Outro desafio é o tempo de deslocamento que a população de baixa renda demora para chegar ao trabalho. “O indicador mostra que 20% das pessoas de baixa renda levam mais de uma hora até o local de trabalho”, afirma.
Osasco
Pontuação geral: 56,4, de 100.
Osasco obteve ODS atingido em dois itens: Energias Renováveis e Acessíveis e Indústria, Inovação e Infraestrutura. Em Domicílios com acesso à energia elétrica, o valor atingido foi de 99,95. O valor para considerar é 99.
Nos indicadores “Grau de maturidade dos instrumentos de financiamento da proteção ambiental”, “Violência contra a população LGBTQI+” e “Total de receitas arrecadadas”, por exemplo, o ODS também foi atingido.
No segmento de saúde, a cidade tem índices atingidos em “Cobertura de vacinas”, “Gravidez na adolescência”. “Porém aqui também é necessário dar mais atenção à saúde básica”, acrescenta o coordenador.
O esgoto tratado, por exemplo, atinge 24,8%, maior que outras cidades da região. Em investimento público, há desafios, com o aporte tendo diminuído em 2020.
Segundo Pantoja, há grandes desafios em “Percentual da população de baixa renda com tempo de deslocamento ao trabalho superior a uma hora”. “O número de domicílios em favelas é outro item que merece grande atenção”, acrescenta.
Índice
O Índice de Desenvolvimento Sustentável das Cidades – Brasil (IDSC-BR) é uma iniciativa do Instituto Cidades Sustentáveis, no âmbito do Programa Cidades Sustentáveis, em parceria com o Sustainable Development Solutions Network (SDSN), apoio do Centro Brasileiro de Análise e Planejamento (Cebrap) e financiamento do Projeto CITinova.

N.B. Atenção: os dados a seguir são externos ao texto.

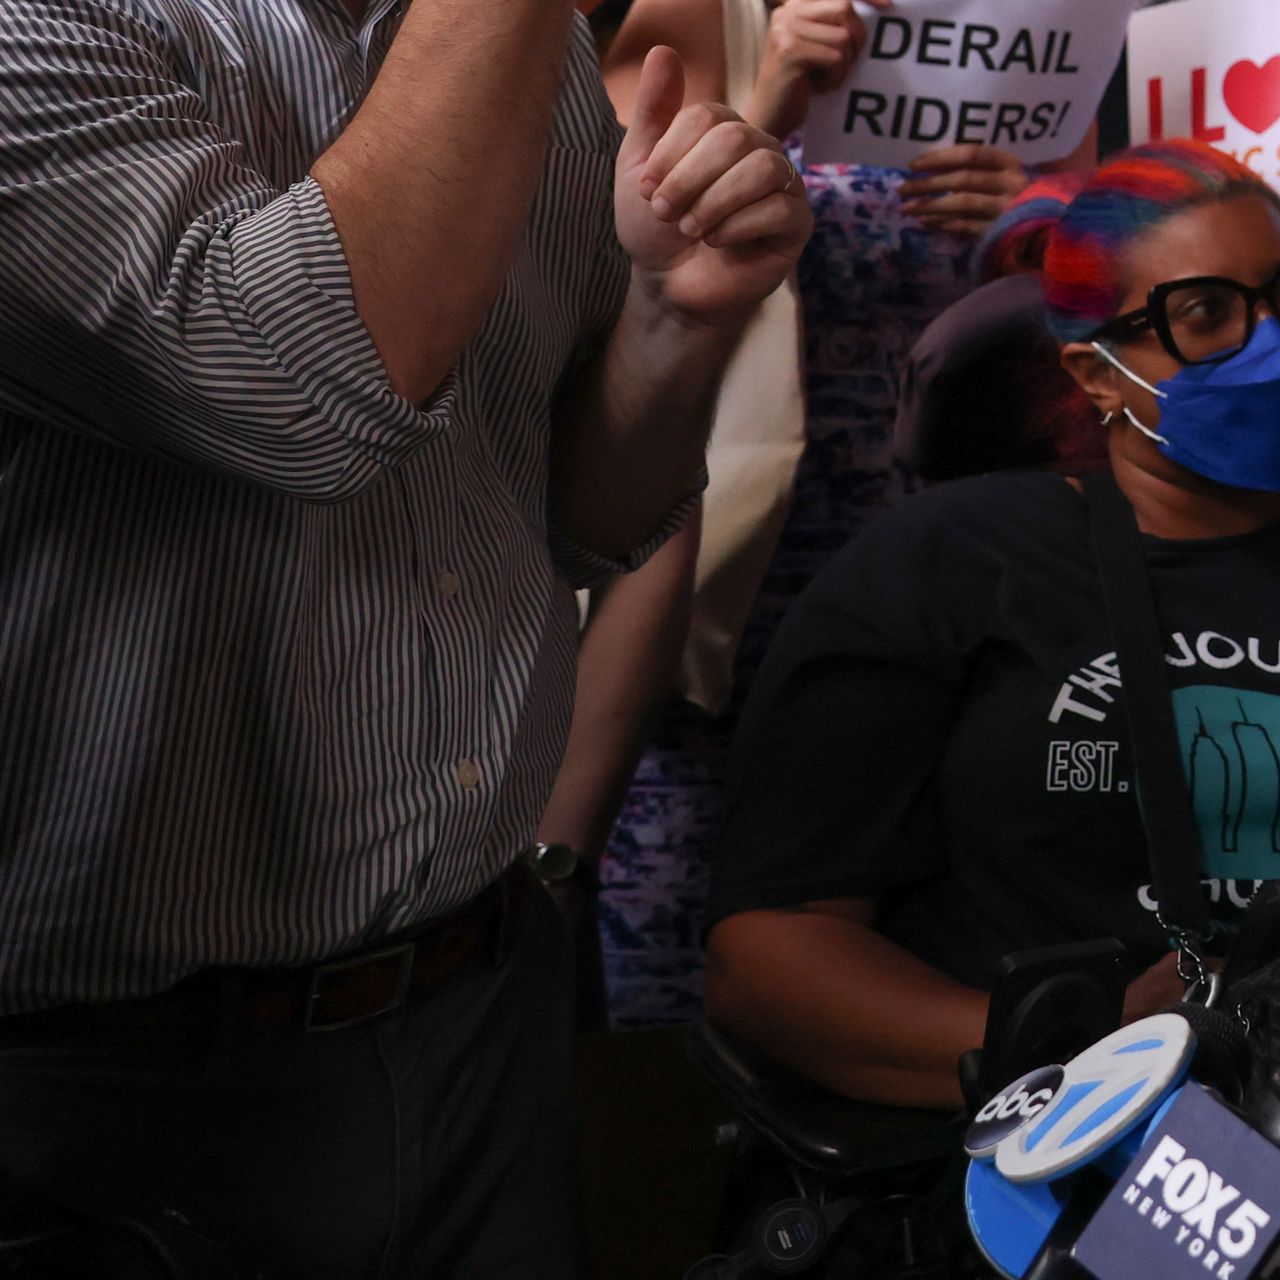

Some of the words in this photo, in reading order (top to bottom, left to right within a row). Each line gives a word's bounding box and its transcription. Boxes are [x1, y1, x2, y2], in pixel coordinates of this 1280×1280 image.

[870, 15, 1079, 74] DERAIL
[843, 89, 1072, 147] RIDERS!
[1147, 77, 1163, 142] I
[1046, 740, 1129, 793] EST.
[974, 1082, 1054, 1124] abc
[1123, 1183, 1171, 1230] NEW
[1175, 1228, 1237, 1280] YORK

As 17 ODS e 169 metas (indicadores) fazem parte da Agenda 2030. Aprovada em 2015 na Cúpula das Nações Unidas para o Desenvolvimento Sustentável, a Agenda 2030 foi assinada por 193 países, incluindo o Brasil, e tem como objetivo o enfrentamento da fome e da pobreza no mundo. E o ano de 2030 é o prazo para que a humanidade alcance os compromissos assumidos.
Alguns dados são referentes a 2020 e até ao Censo de 2010.
Confira o índice completo em https://idsc.cidadessustentaveis.org.br/.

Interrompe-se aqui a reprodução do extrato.